La Copa Libertadores
Ruido de bomba en el área

Como en Mendoza, la hinchada de River le arrojó petardos a Chilavert.

Los controles de seguridad fallan y las conductas violentas están lejos de declararse en retirada. Una conjunción que tiene paralizado al fútbol y que anoche, en Liniers, volvió a manifestarse aunque se jugase bajo el signo de la Confederación Sudamericana de Fútbol.

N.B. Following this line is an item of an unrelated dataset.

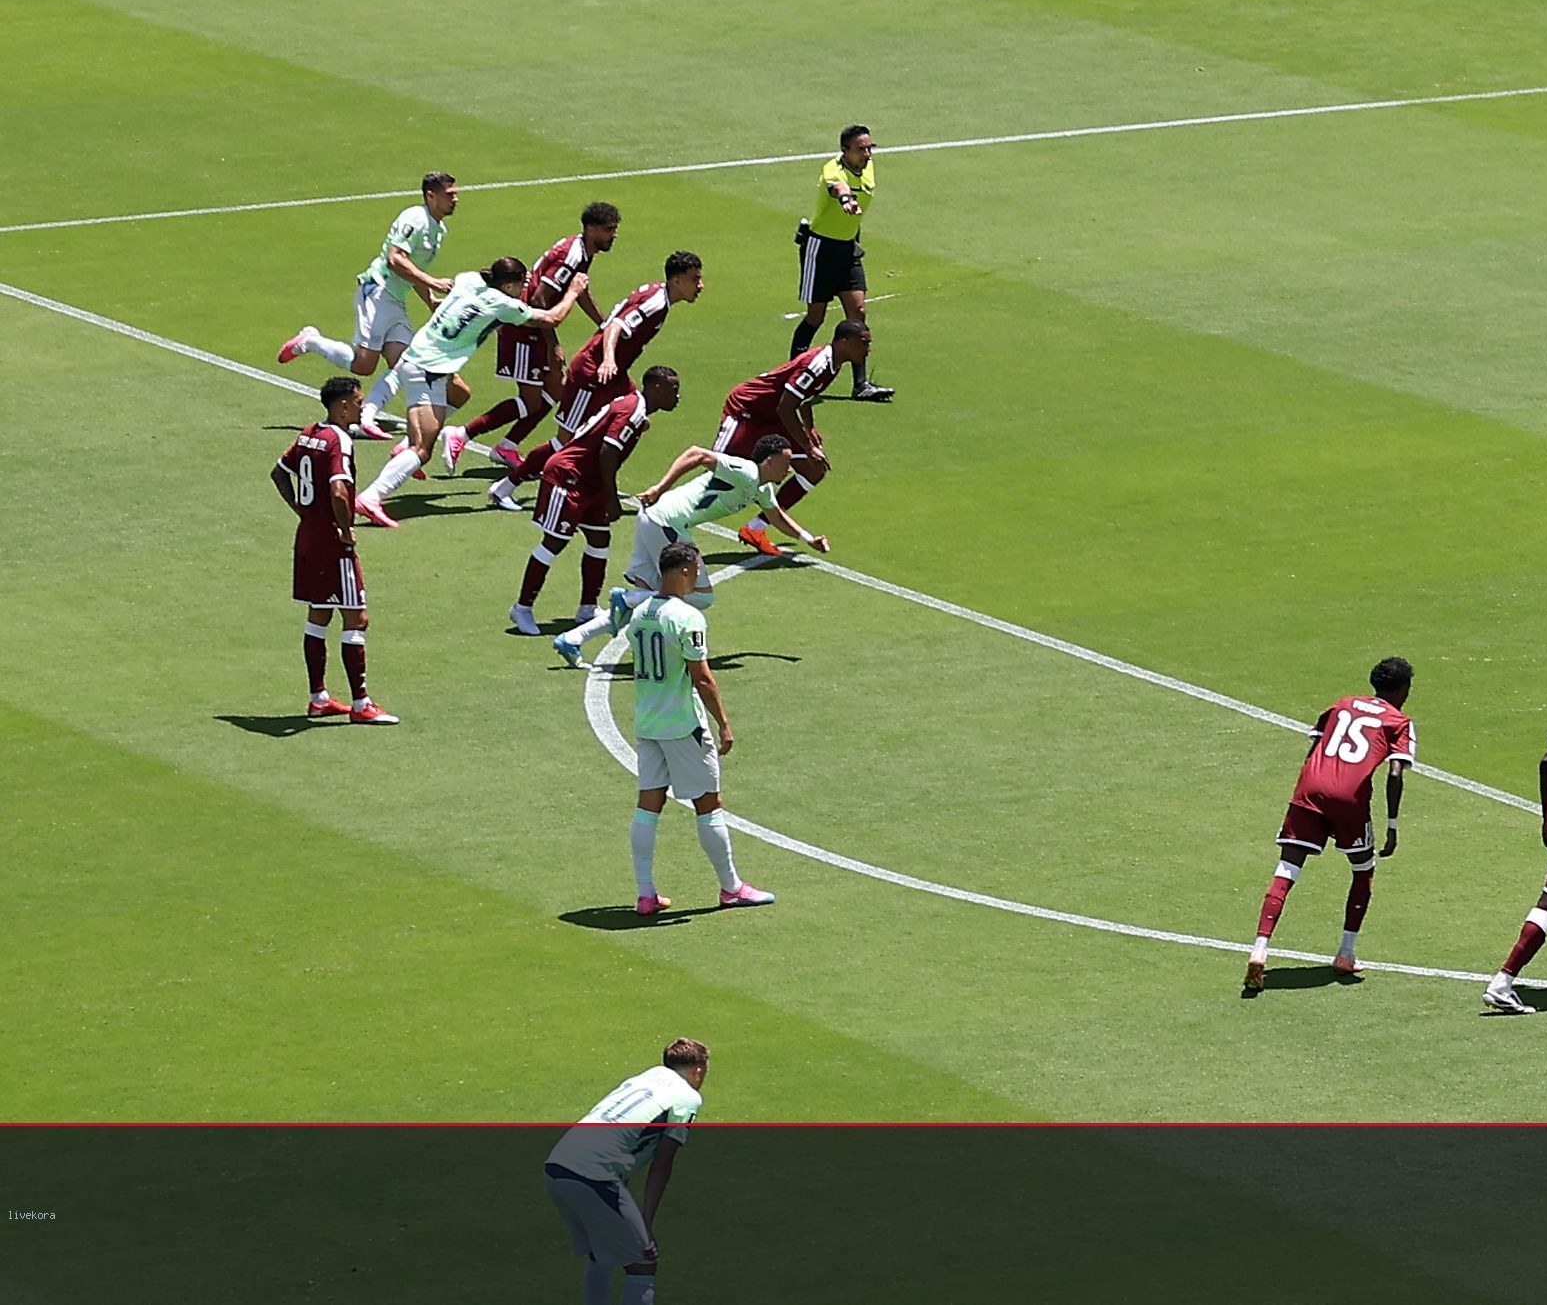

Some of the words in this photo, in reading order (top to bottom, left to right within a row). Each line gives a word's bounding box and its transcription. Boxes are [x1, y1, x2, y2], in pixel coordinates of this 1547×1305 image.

Los riesgos tan temidos y los malos presagios aparecieron en escena. Se habla de José Luis Chilavert y de la hinchada de River, protagonistas hace poco en Mendoza de un episodio lamentable, cuando el arquero fue reemplazado porque una bomba de estruendo le provocó una afección auditiva. Anoche, durante el primer tiempo, se vivió otro capítulo repudiable. La parcialidad de River, que ocupó la cabecera Oeste, le anticipó el recibimiento al paraguayo: arrojó dos bombas al área mientras el arquero estaba en el sorteo. Cuando fue a ocupar su lugar, no respondió a los silbidos e insultos que bajaban de la tribuna. No se tardaría mucho para la siguiente página penosa. A los dos minutos, con el gol de Cardozo, Chilavert festejó a su estilo, con los puños cerrados y el gesto de revancha hacia la cabecera visitante. Enseguida, la respuesta: otra bomba de estruendo, que cae a cuatro metros de distancia del Nº 1 de Vélez, que cayó aparatosamente, en señal de estar aturdido en el oído izquierdo. Se acercaron el médico Coppolechia y el cuarto árbitro, Madorrán. Fue atendido durante un par de minutos y en diálogo con Madorrán y Elizondo, Chilavert parecía advertirles: otra más y me voy. Hubo tres más, que detonaron lejos del guardavallas. Mientras, un grupo de entre 25 y 30 policías ubicado en la parte baja se mantenía inactivo.

La falta de fútbol no cambió el sombrío panorama: los barrabravas siguen ingresando bombas de estruendo que dan cuenta de controles de seguridad ineficaces.